Could you repeat word for word only the lines from the one containing "this 1288×966 image." to the last line of the data below?

___ Study material ___

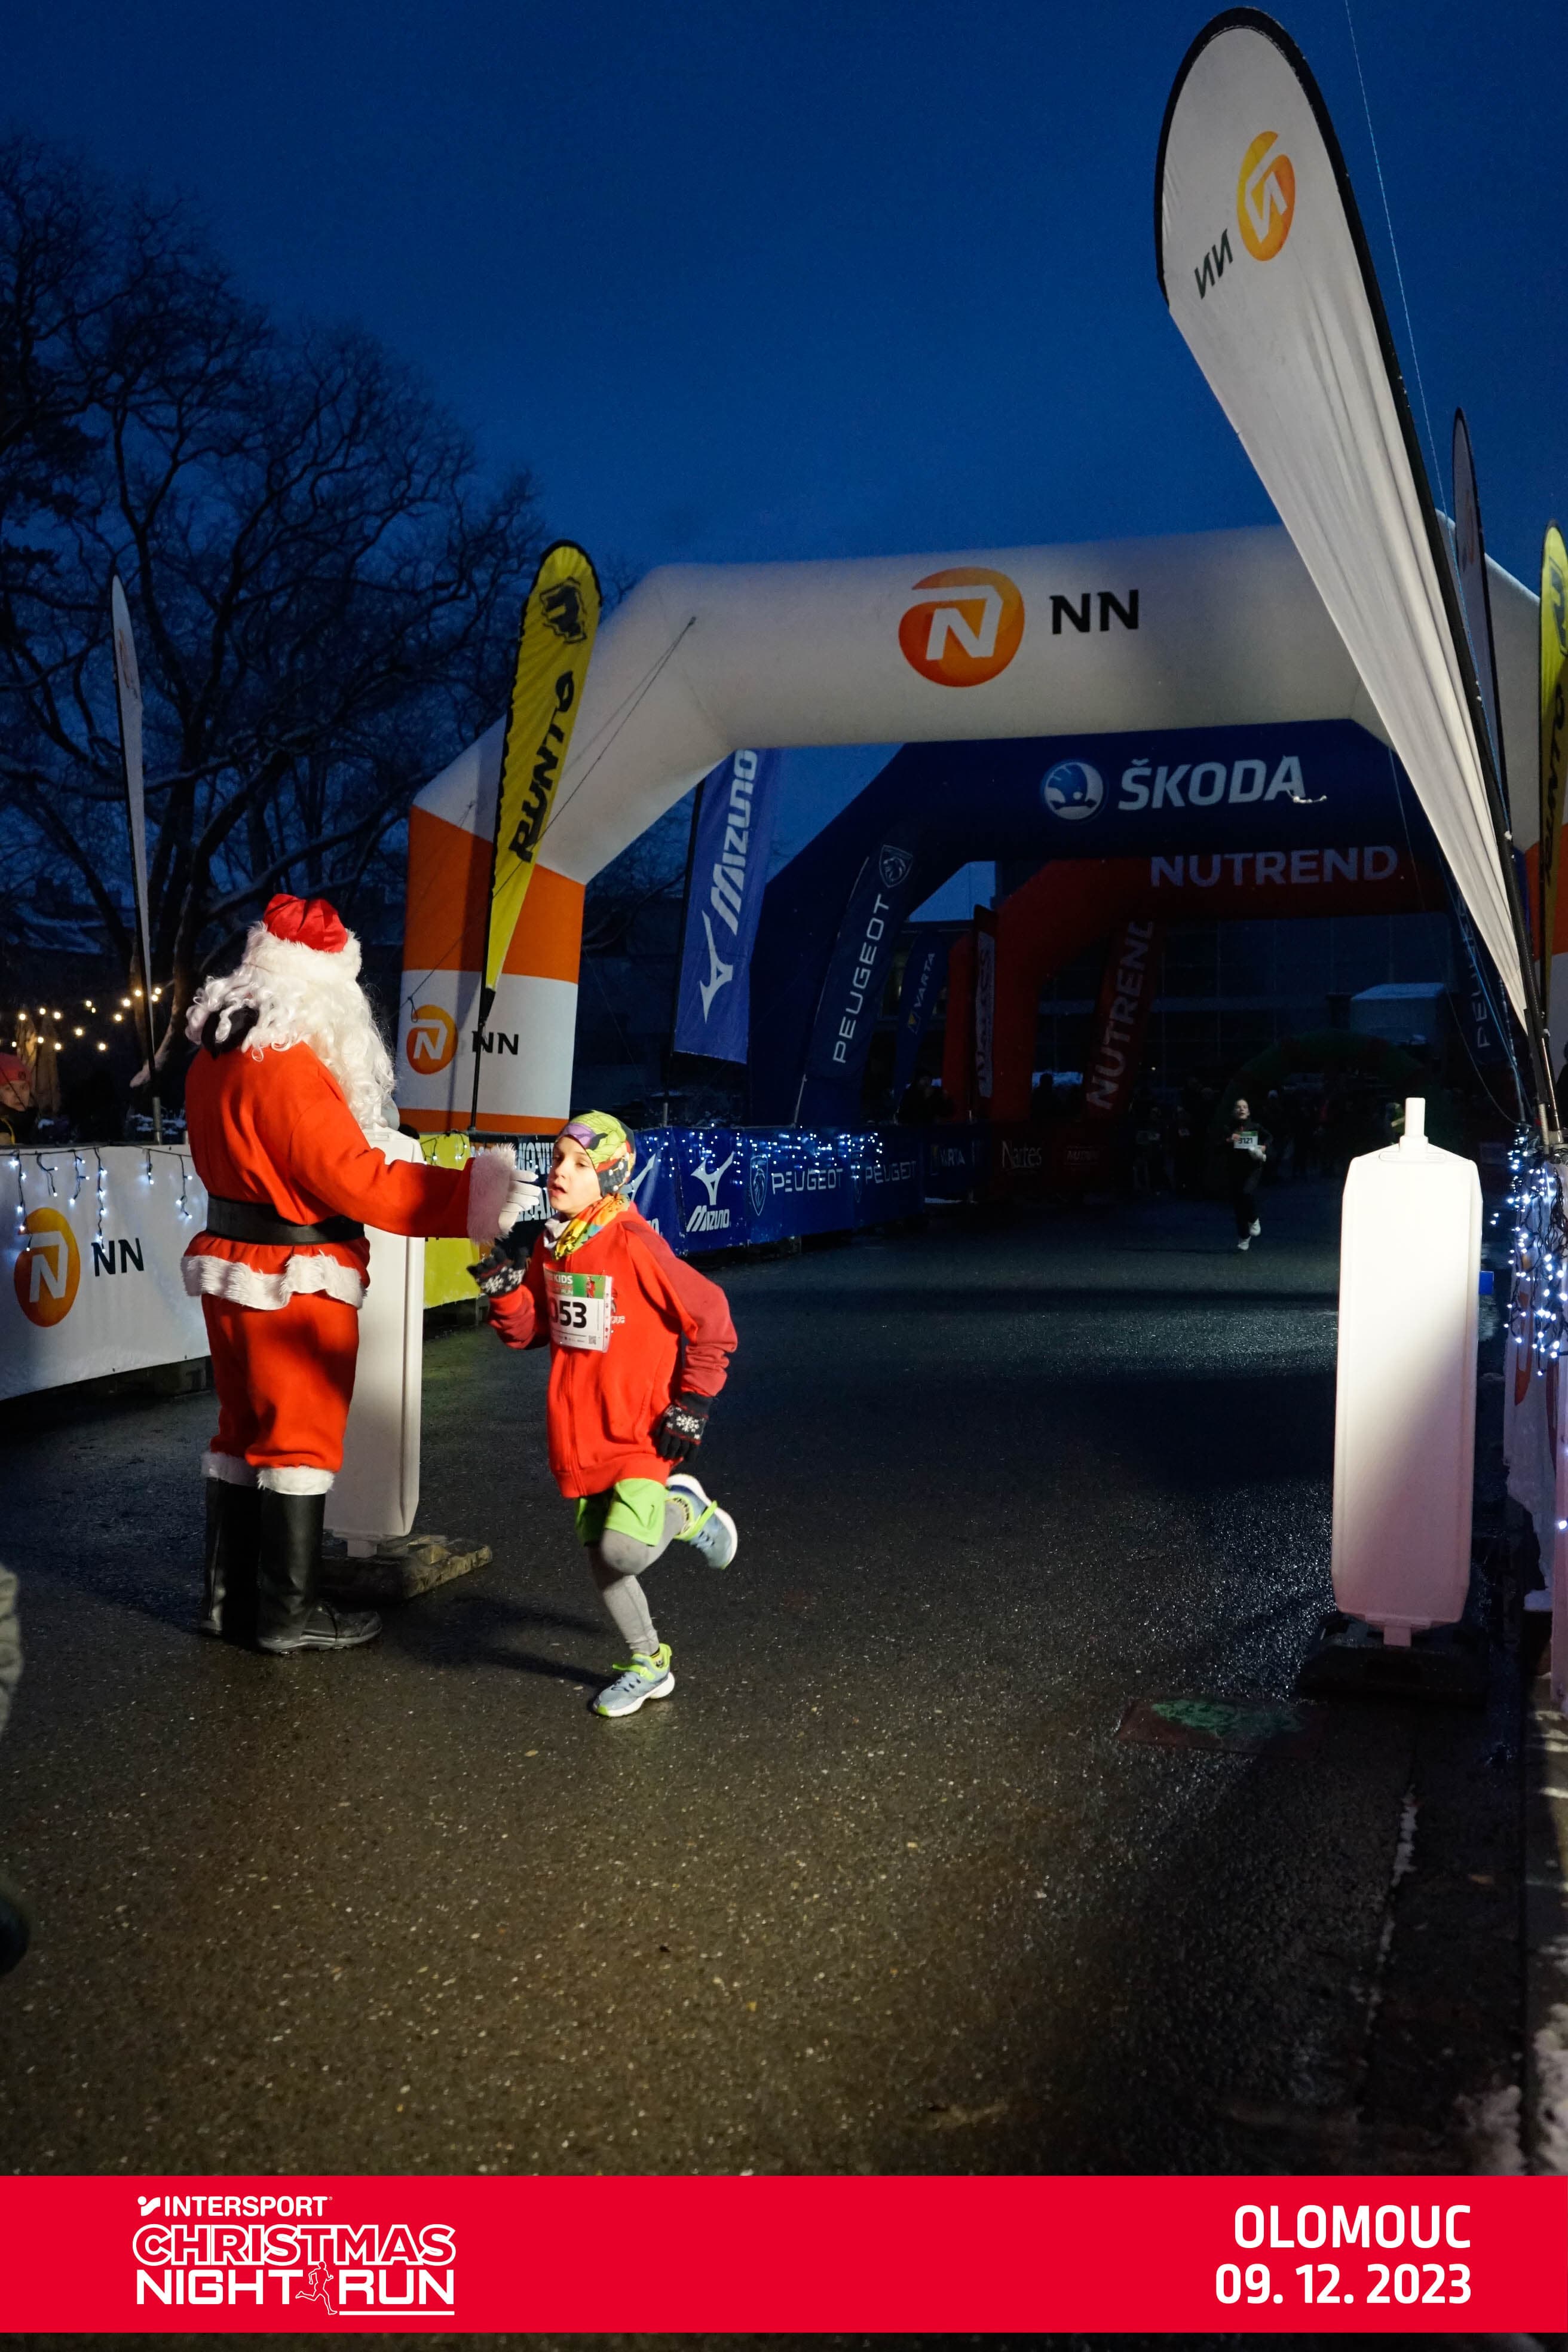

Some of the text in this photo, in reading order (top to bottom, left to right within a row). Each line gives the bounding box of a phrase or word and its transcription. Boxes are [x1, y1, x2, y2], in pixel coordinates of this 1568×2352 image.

[1049, 589, 1139, 635] NN
[509, 669, 575, 862] RUNTO
[1117, 755, 1306, 811] ŠKODA
[1150, 844, 1399, 889] NUTREND
[832, 893, 890, 1064] PEUGEOT
[912, 952, 936, 1008] VARTA
[771, 1168, 843, 1195] PEUGEOT
[91, 1238, 144, 1277] NN
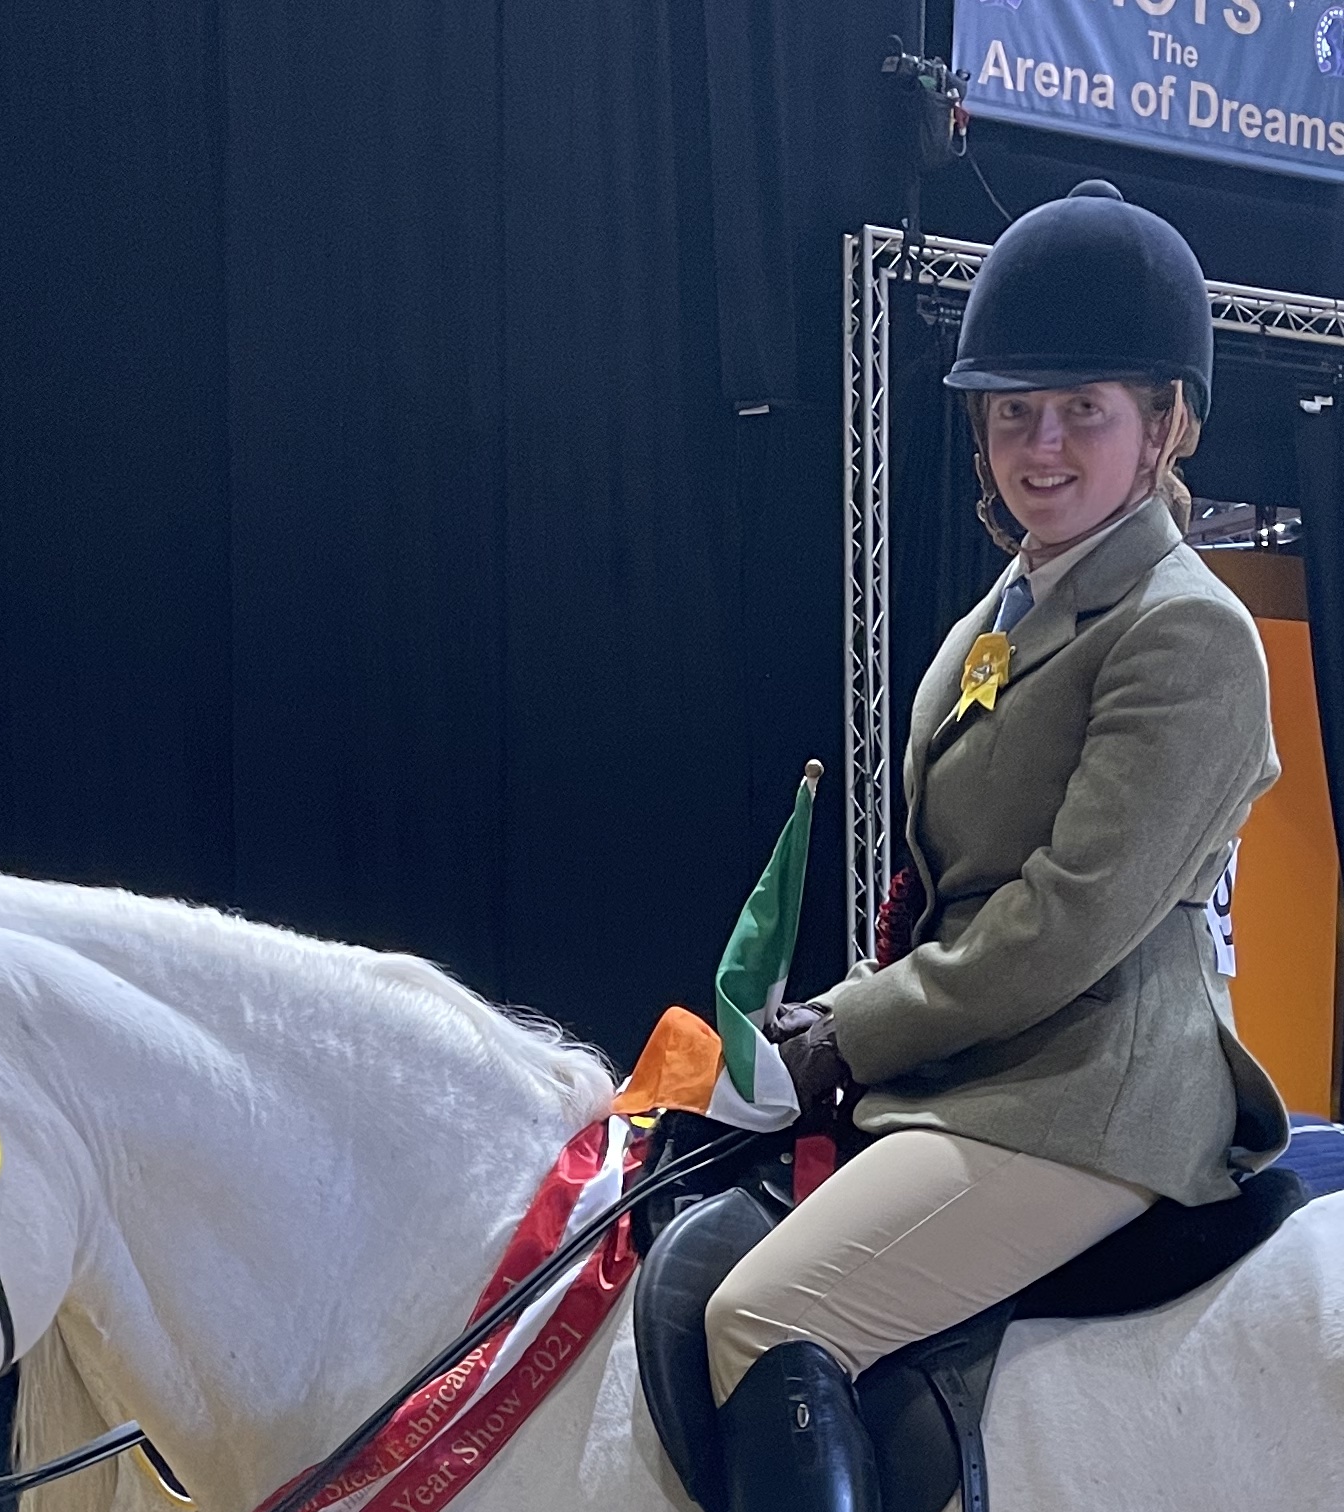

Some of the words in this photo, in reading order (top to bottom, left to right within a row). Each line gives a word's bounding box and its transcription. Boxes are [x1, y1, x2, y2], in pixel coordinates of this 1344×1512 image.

[977, 39, 1115, 111] Arena
[1131, 74, 1176, 121] of
[1147, 30, 1199, 69] The
[452, 1387, 525, 1467] Show
[521, 1320, 586, 1388] 2021
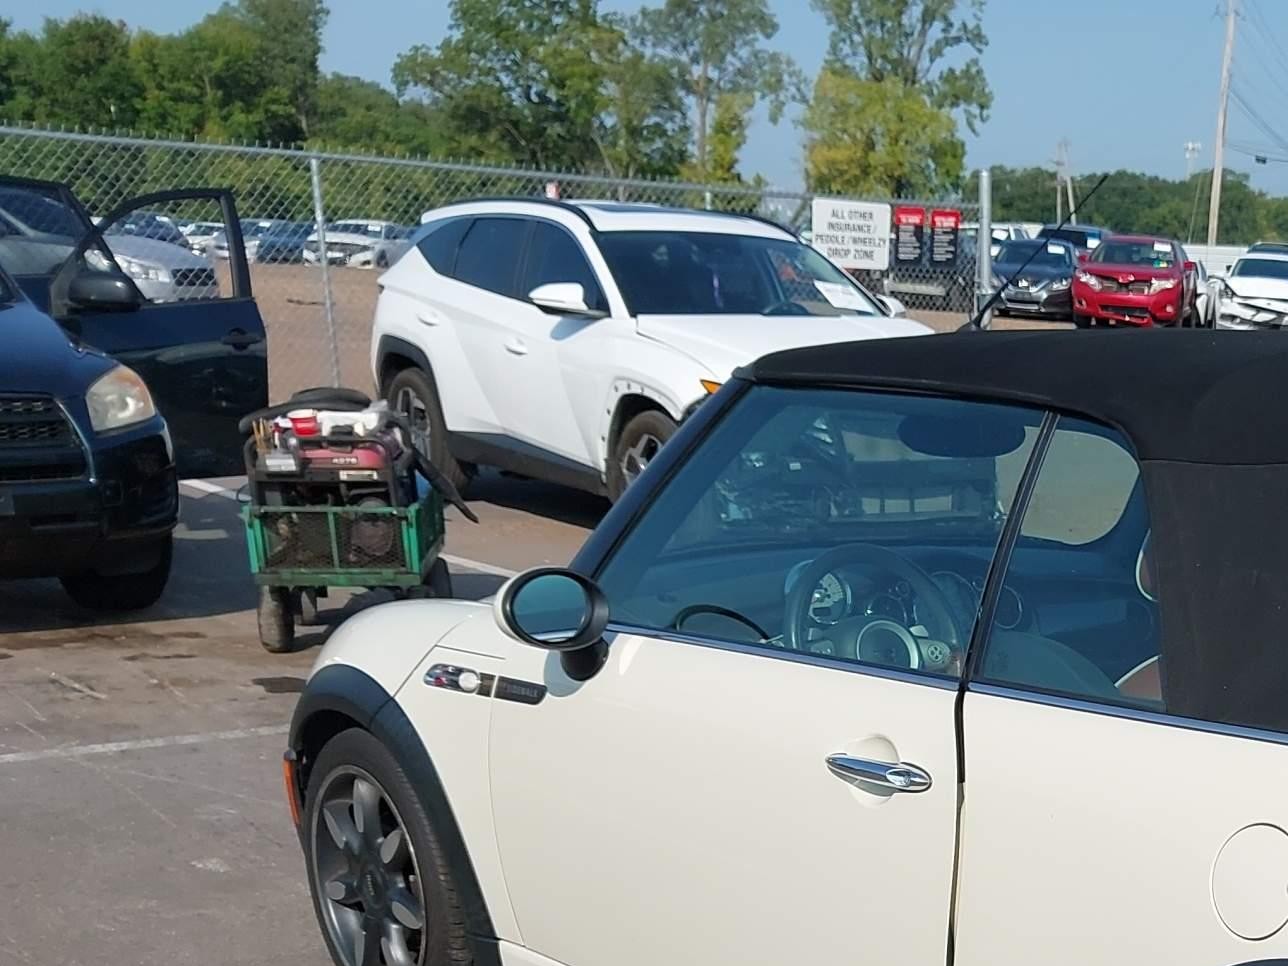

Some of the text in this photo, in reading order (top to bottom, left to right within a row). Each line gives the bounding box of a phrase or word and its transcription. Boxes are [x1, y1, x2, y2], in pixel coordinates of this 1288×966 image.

[831, 209, 873, 221] ALL OTHER
[827, 247, 875, 261] DROP ZONE

___

**Finished task**
Some of the text in this photo, in reading order (top to bottom, left to right within a row). Each line gives the bounding box of a phrase or word and its transcription. Boxes are [x1, y1, x2, y2], in pixel coordinates of this 1288×966 image.

[831, 209, 873, 221] ALL OTHER
[827, 247, 875, 261] DROP ZONE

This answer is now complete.